The challenge before the Synod is treated at length by the “Instrumentum Laboris” that has been prepared as background to the deliberations and discussions of those attending. Here is a particularly pointed expression of that challenge

“In these times, people are yearning for a principle in life that inspires hope, a hope which will permit them to look to the future with eyes filled with faith and not the tears of despair. As a Church, we have this principle and source of hope — Jesus Christ, who was crucified and is risen, living among us through his Spirit, who allows us to experience God. Nevertheless, we oftentimes seem to be unable to make this hope concrete, or “make it our own”, or make it a life-giving word for ourselves and the people we encounter today, or make it the basis for life in the Church and our pastoral activity” (#166).

The challenge to make our hope concrete, to appropriate it more deeply, to find evocative words that will bring it to life for ourselves and others lies at the heart of the Church’s mission.
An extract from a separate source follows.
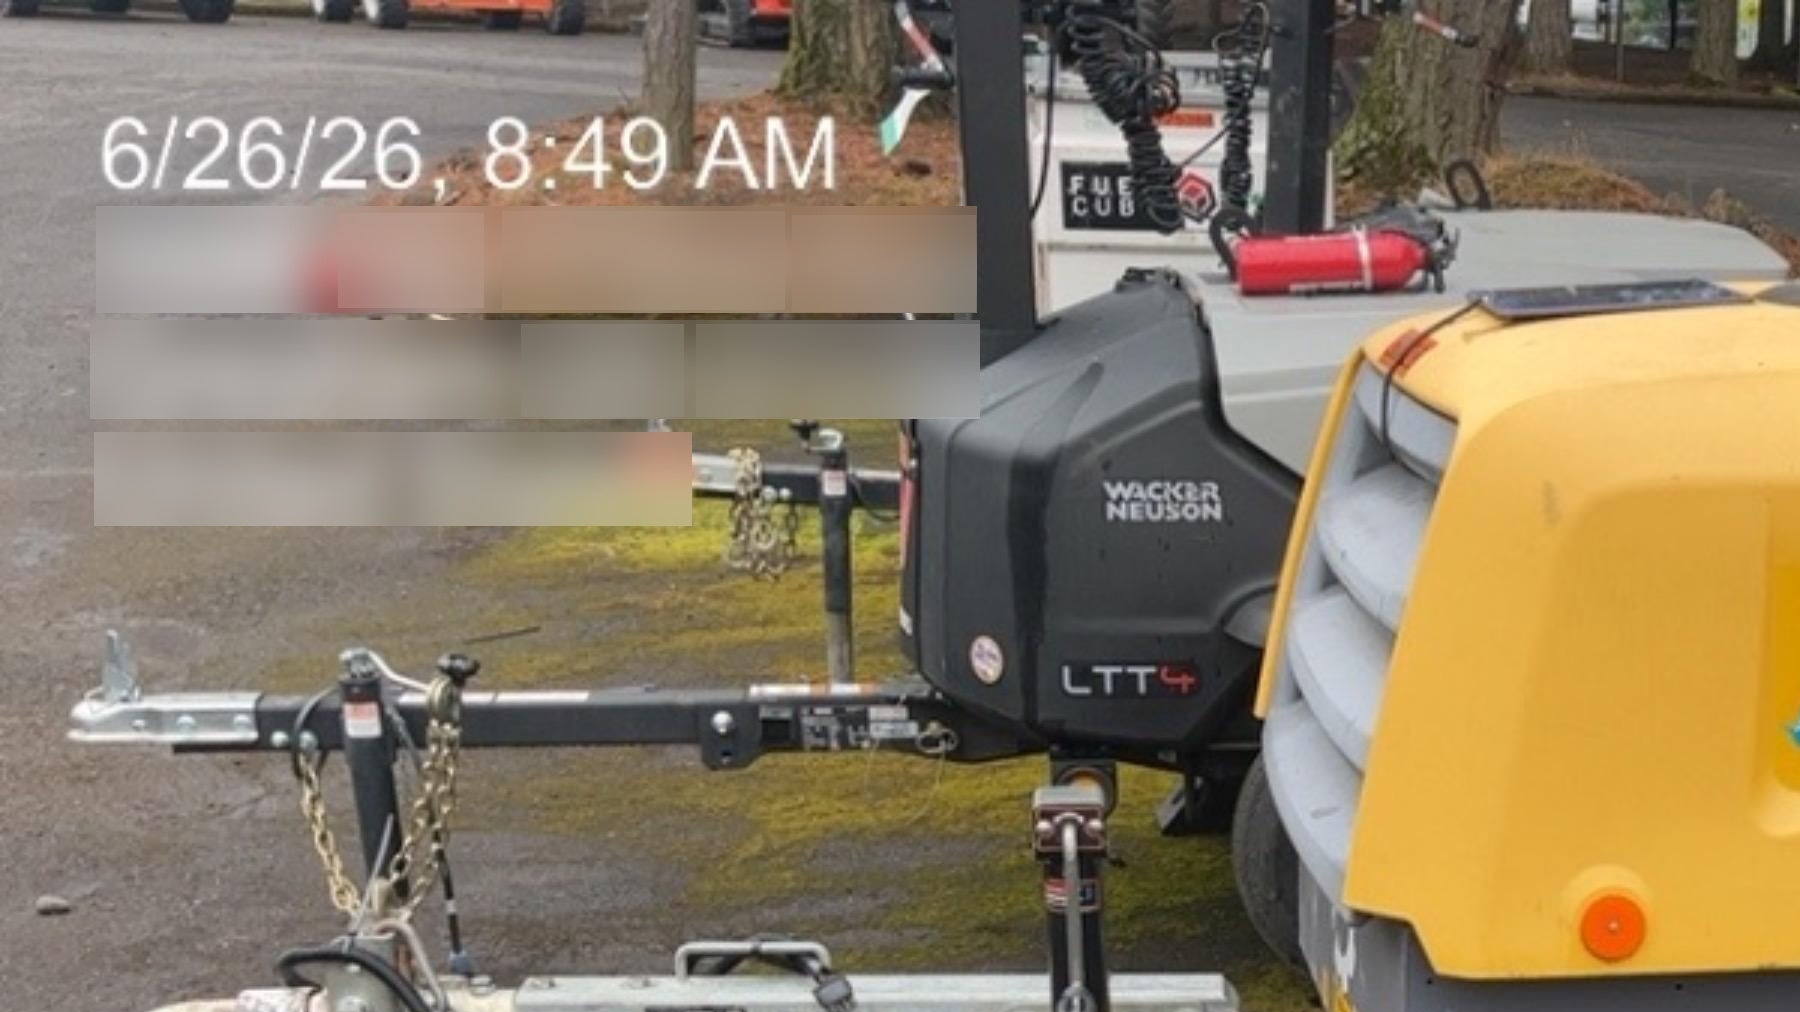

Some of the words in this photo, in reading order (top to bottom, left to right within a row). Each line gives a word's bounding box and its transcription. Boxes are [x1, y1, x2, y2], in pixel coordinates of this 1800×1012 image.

It is the challenge faced not only by bishops, or preachers, or missionaries, but by the whole people of God.
Certainly, the need for ongoing personal conversion is paramount: a daily turning again to the Lord to be nourished by his Word and Sacrament. Such conversion is the indispensable condition for making the faith our own. We must continue to grow in our appreciation and understanding of the marvelous works of the Lord, of the height and breadth, and length, and depth of the love of Christ.

But the “Instrumentum Laboris” outlines a further challenge, when it suggests the need for forging a new language to communicate the Gospel to the world of today. This difficult task is intrinsic to the notion of a “new” evangelization: not a new content, but a new way of expressing the Good News of Christ within a new social and cultural context.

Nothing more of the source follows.